Uta Pippig (born 7 September 1965) is a retired German long-distance runner, and the first woman to officially win the Boston Marathon three consecutive times (1994–1996). She also won the Berlin Marathon three times (1990, 1992 and 1995); the 1993 New York City Marathon; represented Germany at the Olympic Games in 1992 and 1996, and won a bronze medal at the 1991 World 15km Road Race Championship. Her marathon best of 2:21:45 set in Boston in 1994, made her the third-fastest female marathon runner in history at that time.

Career   
The daughter of two physicians, Pippig was born in Leipzig and began running at the age of 13 while a citizen of the former East Germany. She finished 14th in the marathon at the 1987 World Championships. In university, she was a medical student at the Humboldt University Berlin where, after passing her final exams, she chose to re-focus her attention exclusively on running professionally. She left East Germany in 1990 before German reunification. She won the Eurocross meeting in Luxembourg that year.

Pippig's results on the track at 10,000 meters, include finishing sixth at the 1991 World Championships, seventh at the 1992 Olympic Games, and ninth at the 1993 World Championships. She also won a bronze medal at the 1991 World 15 km Road Race Championship.
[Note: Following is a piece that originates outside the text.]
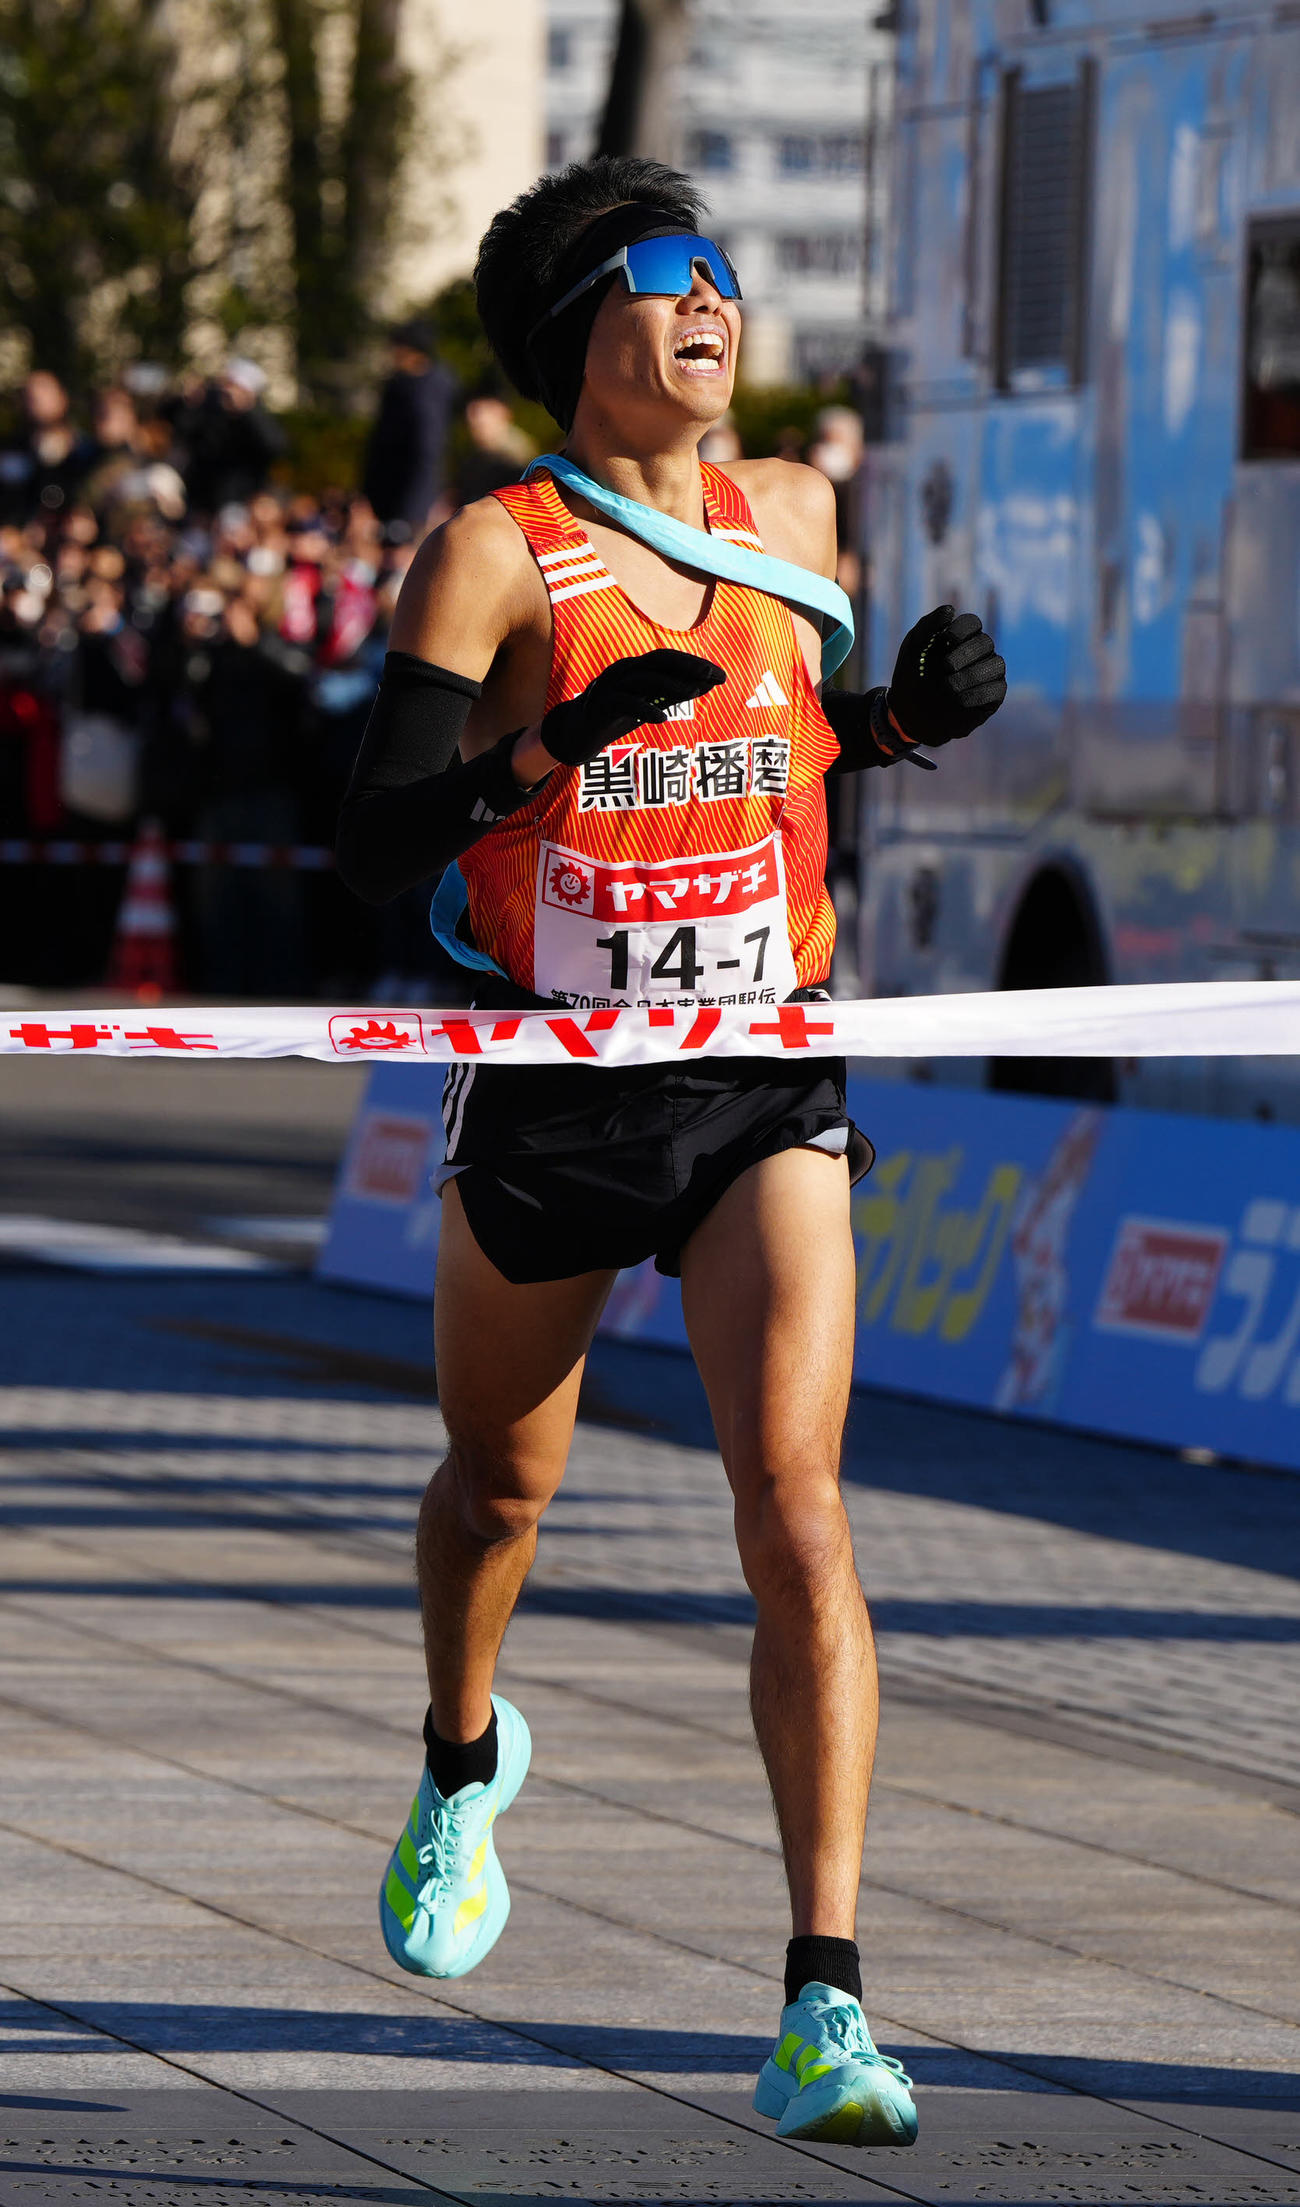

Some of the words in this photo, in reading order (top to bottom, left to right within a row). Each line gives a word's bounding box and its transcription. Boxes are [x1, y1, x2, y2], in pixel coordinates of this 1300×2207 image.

[580, 738, 789, 810] 黒崎播磨
[605, 859, 767, 911] ヤマザキ
[596, 925, 771, 991] 14-7
Pippig won the 1994 Boston Marathon in a lifetime best of 2:21:45, which at the time put her third on the world all-time list behind Ingrid Kristiansen and Joan Benoit. , the time still ranks her second on the German all-time list behind Irina Mikitenko. Pippig won the 1996 Boston Marathon in the midst of ischemic colitis. This was incorrectly attributed to menstruation.. Eileen McNamara's. At the 1996 Olympic Games, she dropped out of the marathon after 22 miles, having led earlier in the race.

In 1998, an out-of-competition drug test found Pippig had an elevated ratio of testosterone to epitestosterone, and the German Athletics Federation attempted to ban her for two years. Pippig contested the finding on the grounds that her testosterone levels were normal, and that the elevated ratio was due to a low level of epitestosterone from a long battle with chronic bowel disease and other factors. This claim was supported by a variety of independent medical experts, and a German arbitration court dismissed the case.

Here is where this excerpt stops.